--- The records Enclosed Below ---

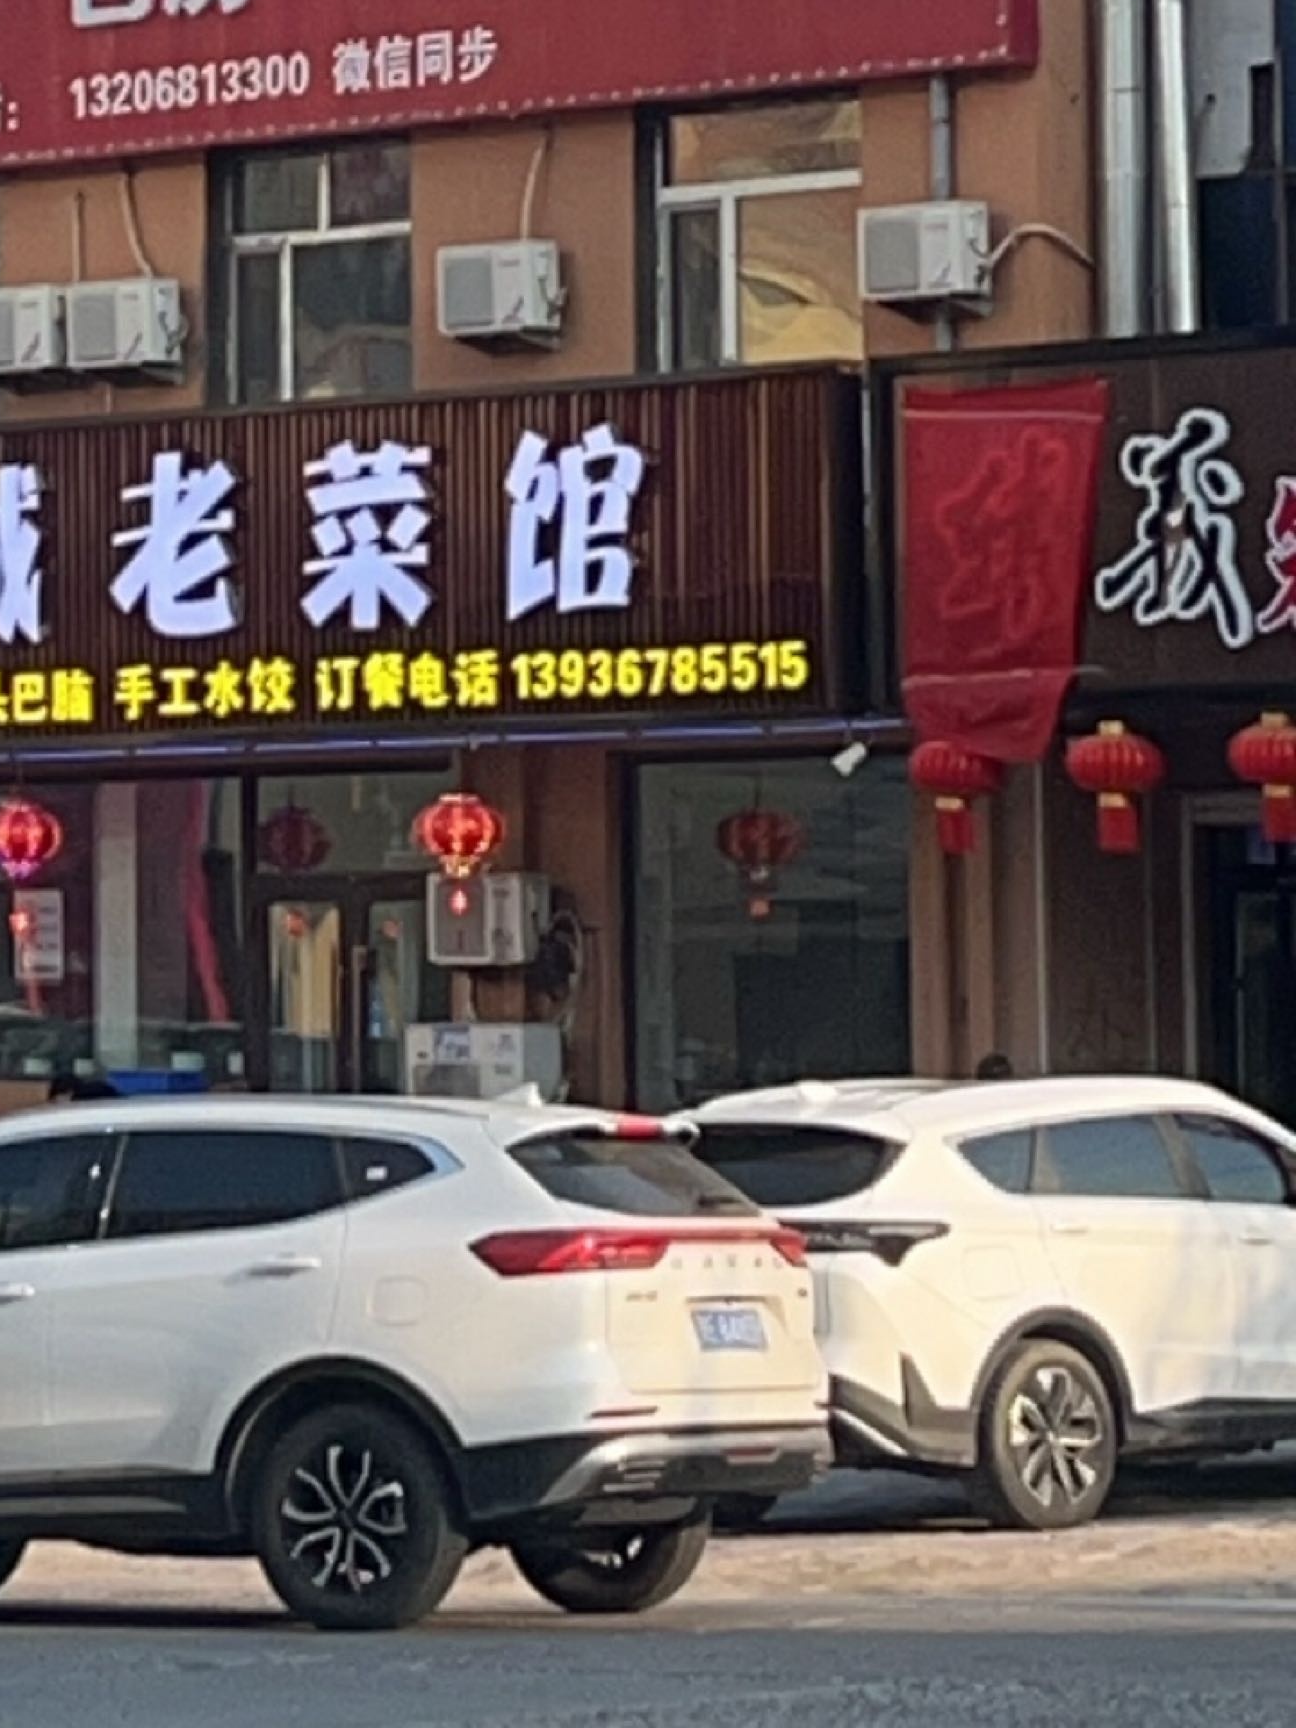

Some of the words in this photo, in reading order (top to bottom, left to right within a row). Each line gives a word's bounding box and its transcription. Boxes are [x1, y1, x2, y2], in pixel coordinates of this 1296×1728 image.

[68, 51, 311, 120] 13206813300
[331, 24, 498, 97] 微信同步
[114, 656, 296, 721] 手工水饺
[315, 648, 501, 711] 订餐电话
[511, 639, 809, 701] 13936785515
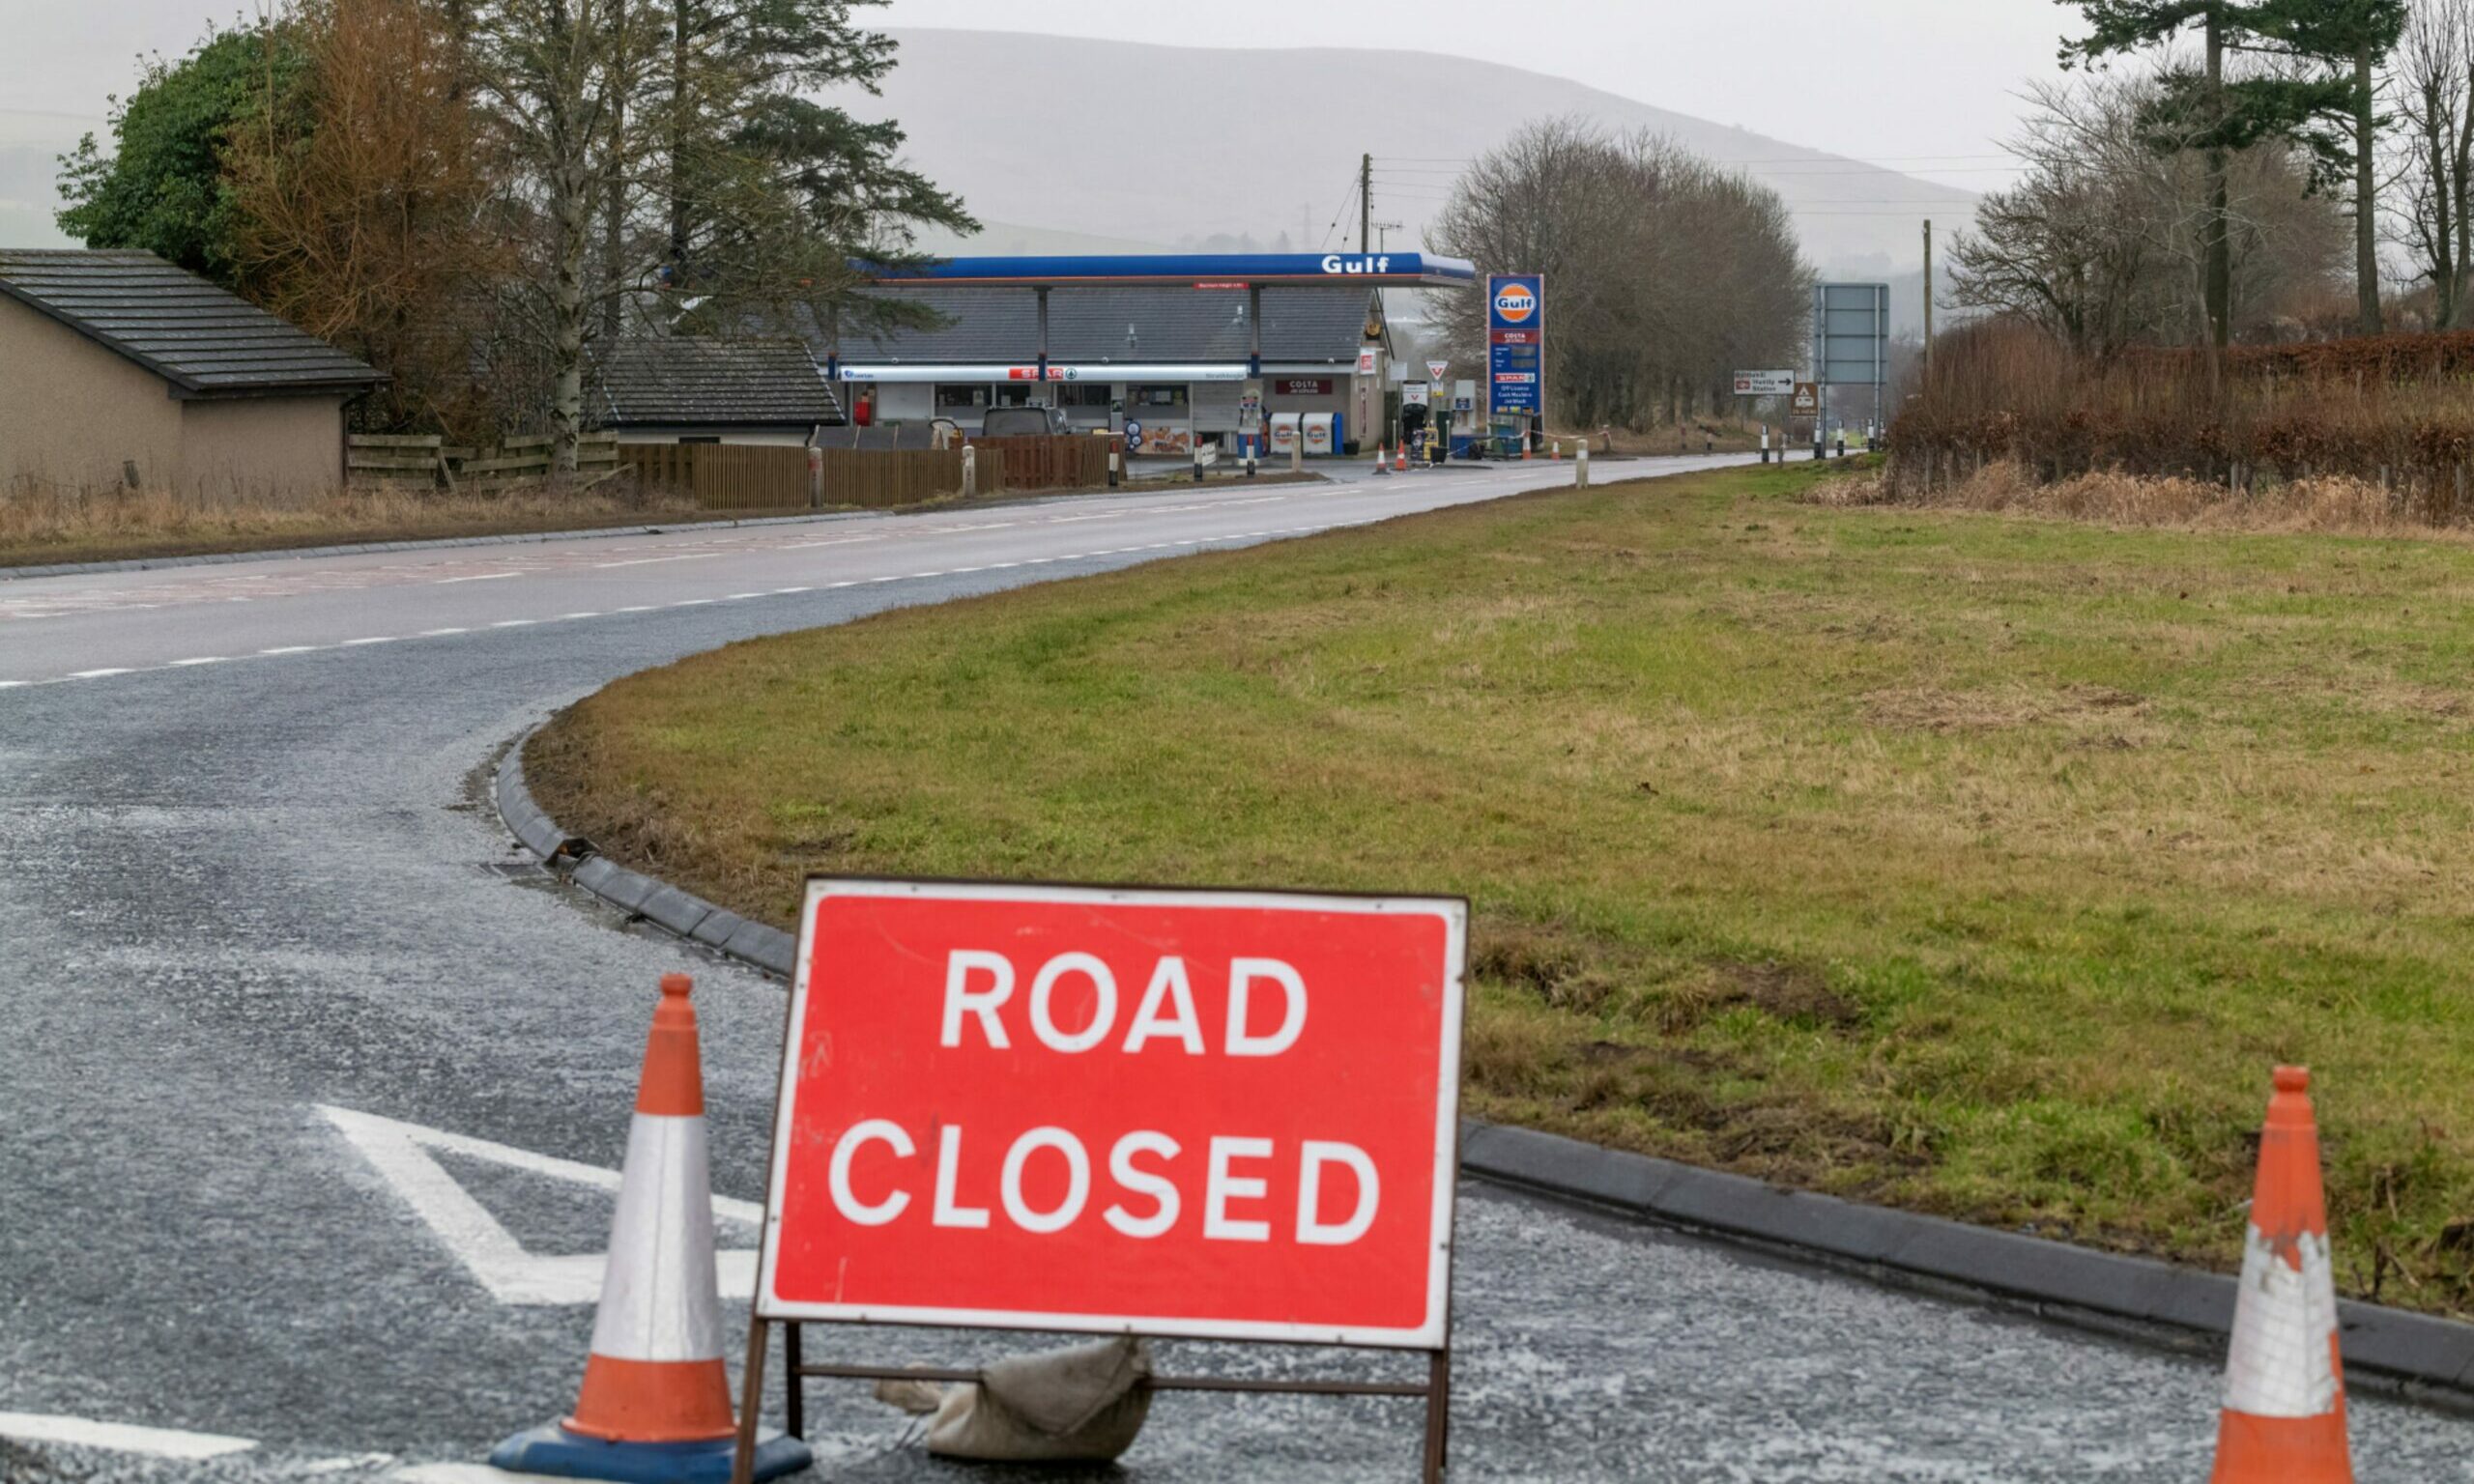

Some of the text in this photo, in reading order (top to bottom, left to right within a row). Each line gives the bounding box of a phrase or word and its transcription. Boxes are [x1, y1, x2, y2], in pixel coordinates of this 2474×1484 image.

[1322, 255, 1390, 273] Gulf
[1498, 298, 1532, 308] Gulf
[939, 950, 1309, 1057] ROAD
[828, 1120, 1380, 1244] CLOSED
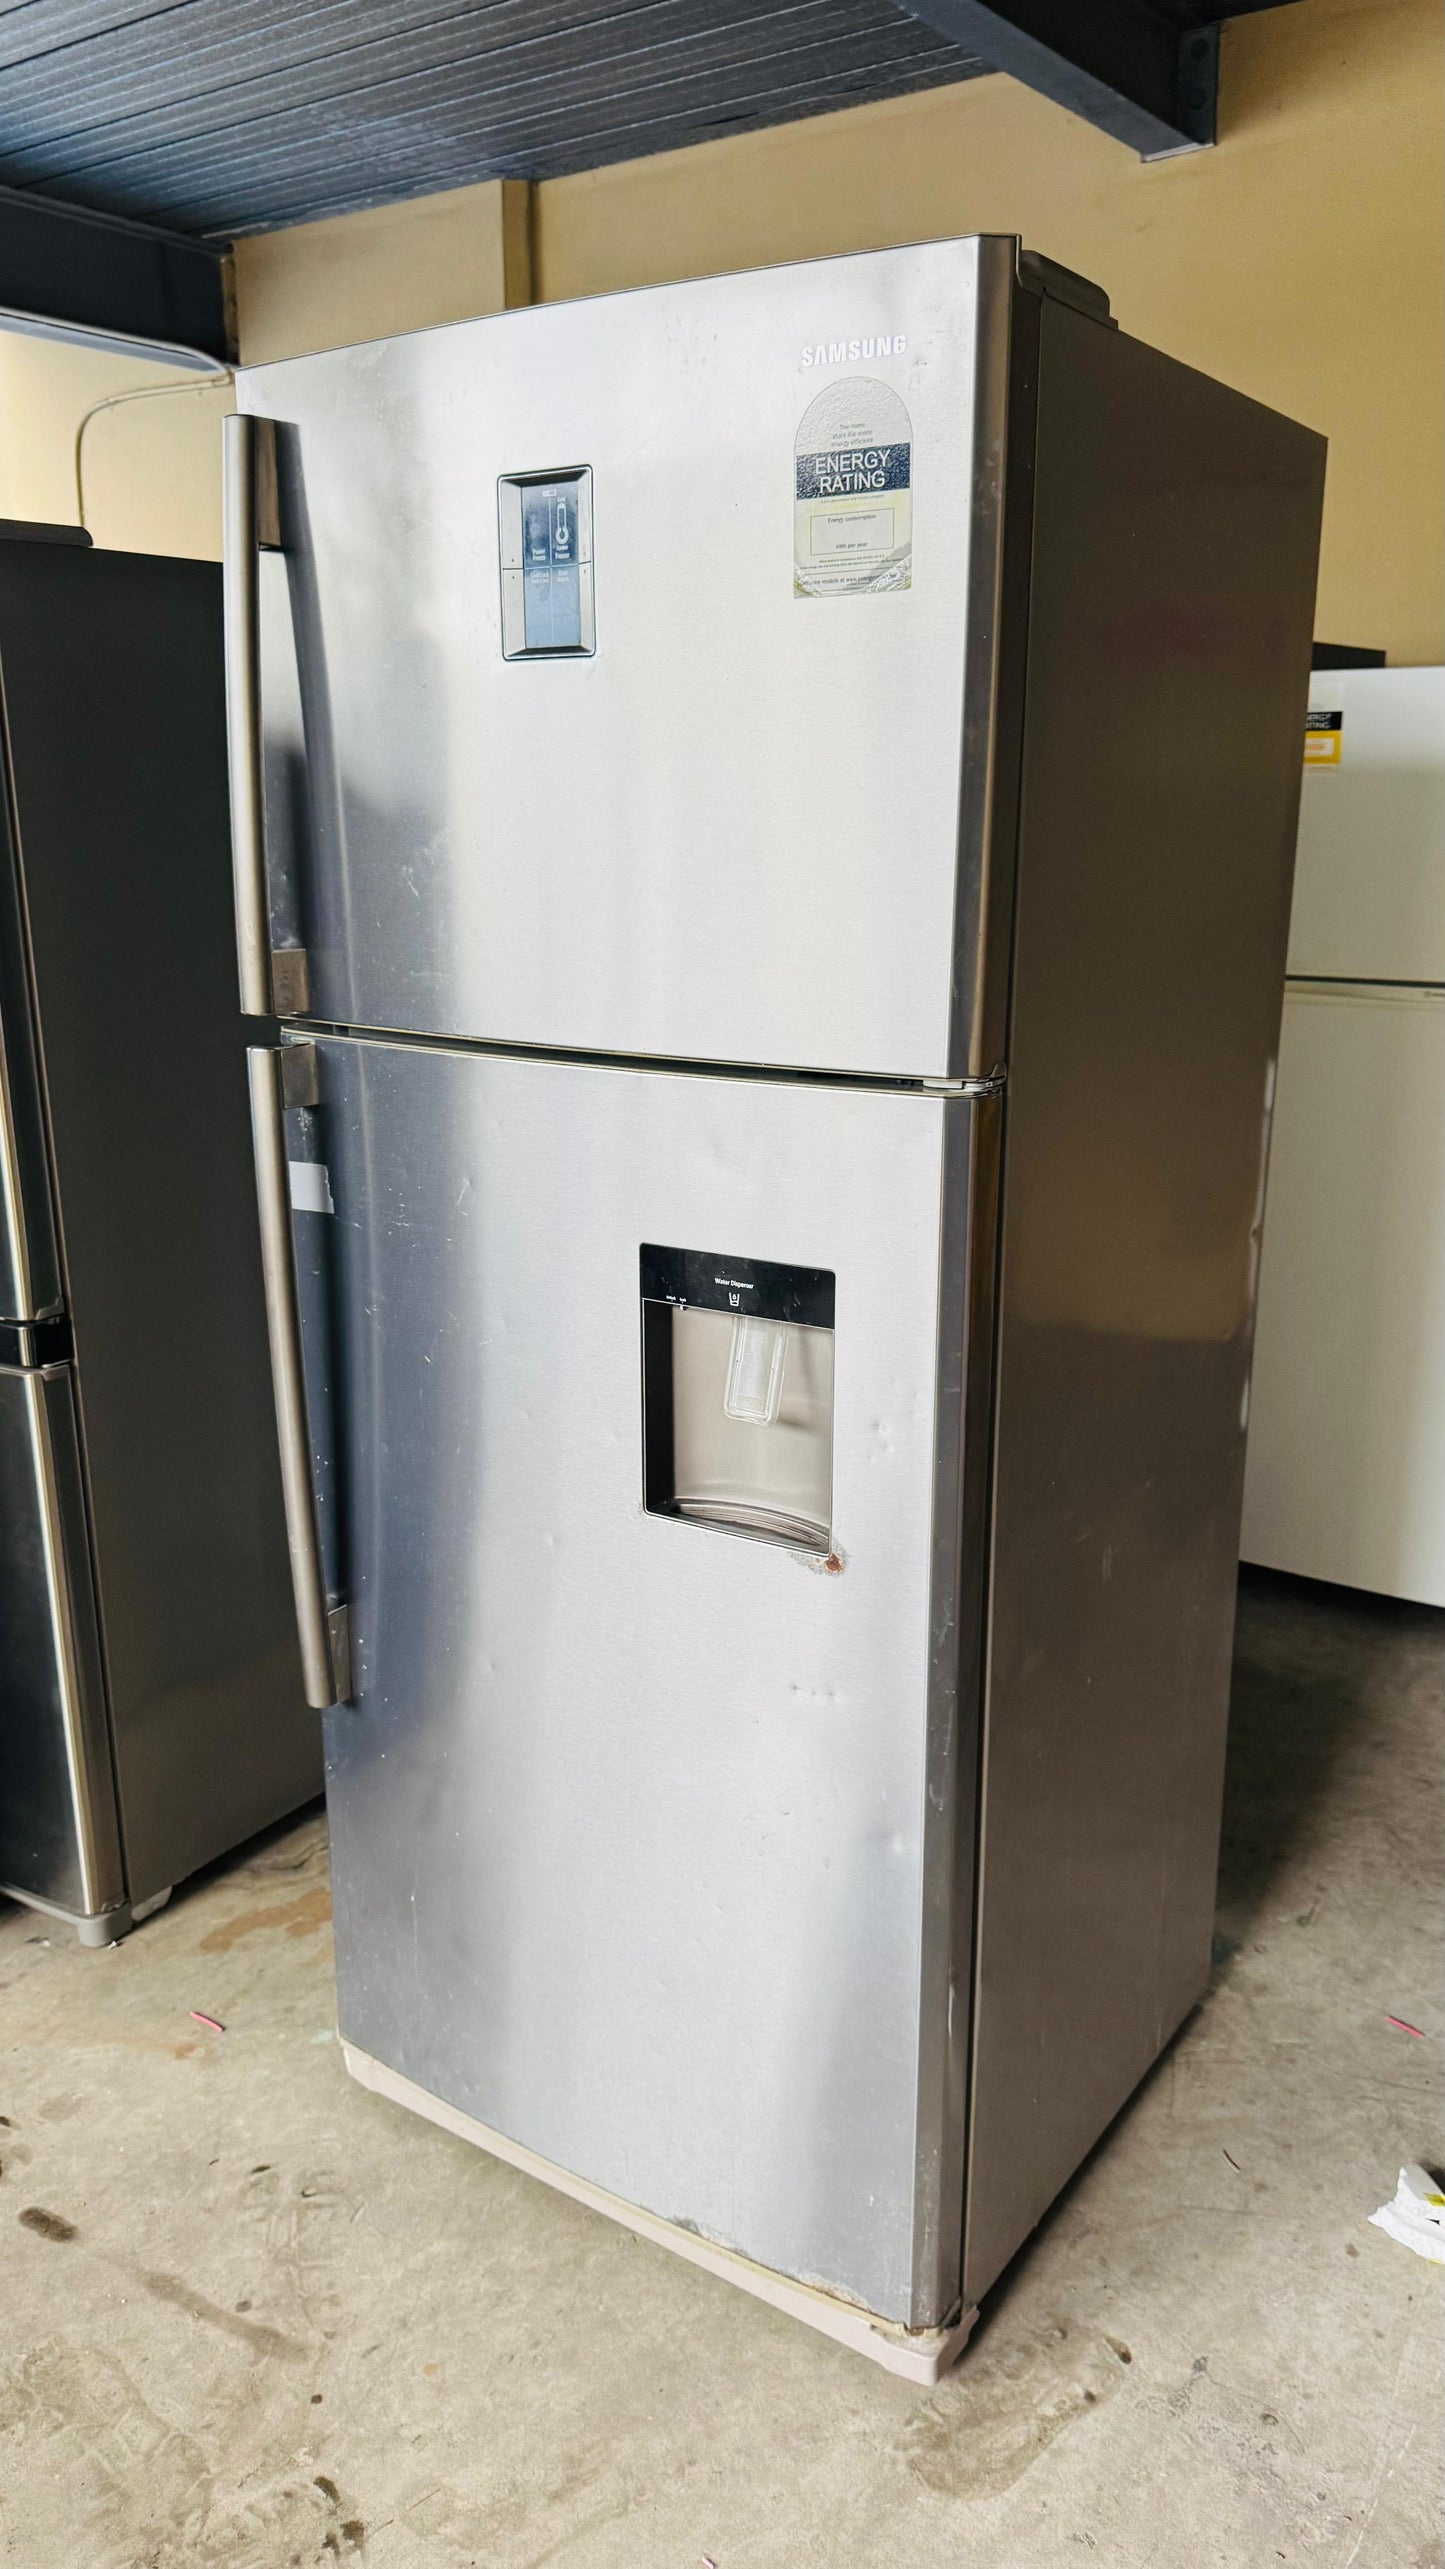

--- End of Enclosed The records ---

• Exercise instructions:
Exclude the images and copy every record above exactly.

• Answer:
Some of the words in this photo, in reading order (top to bottom, left to right within a row). Each line gives a word's bounding box and its transcription. Boxes are [x1, y1, x2, y2], in pixel coordinates of this 1296×1728 image.

[68, 51, 311, 120] 13206813300
[331, 24, 498, 97] 微信同步
[114, 656, 296, 721] 手工水饺
[315, 648, 501, 711] 订餐电话
[511, 639, 809, 701] 13936785515

Some of the text in this photo, in reading order (top to bottom, left to right within a row). Each line gives the bounding box of a phrase or word and its transcription. Boxes are [x1, y1, x2, y2], in pixel coordinates of this 2474×1484 image.

[1322, 255, 1390, 273] Gulf
[1498, 298, 1532, 308] Gulf
[939, 950, 1309, 1057] ROAD
[828, 1120, 1380, 1244] CLOSED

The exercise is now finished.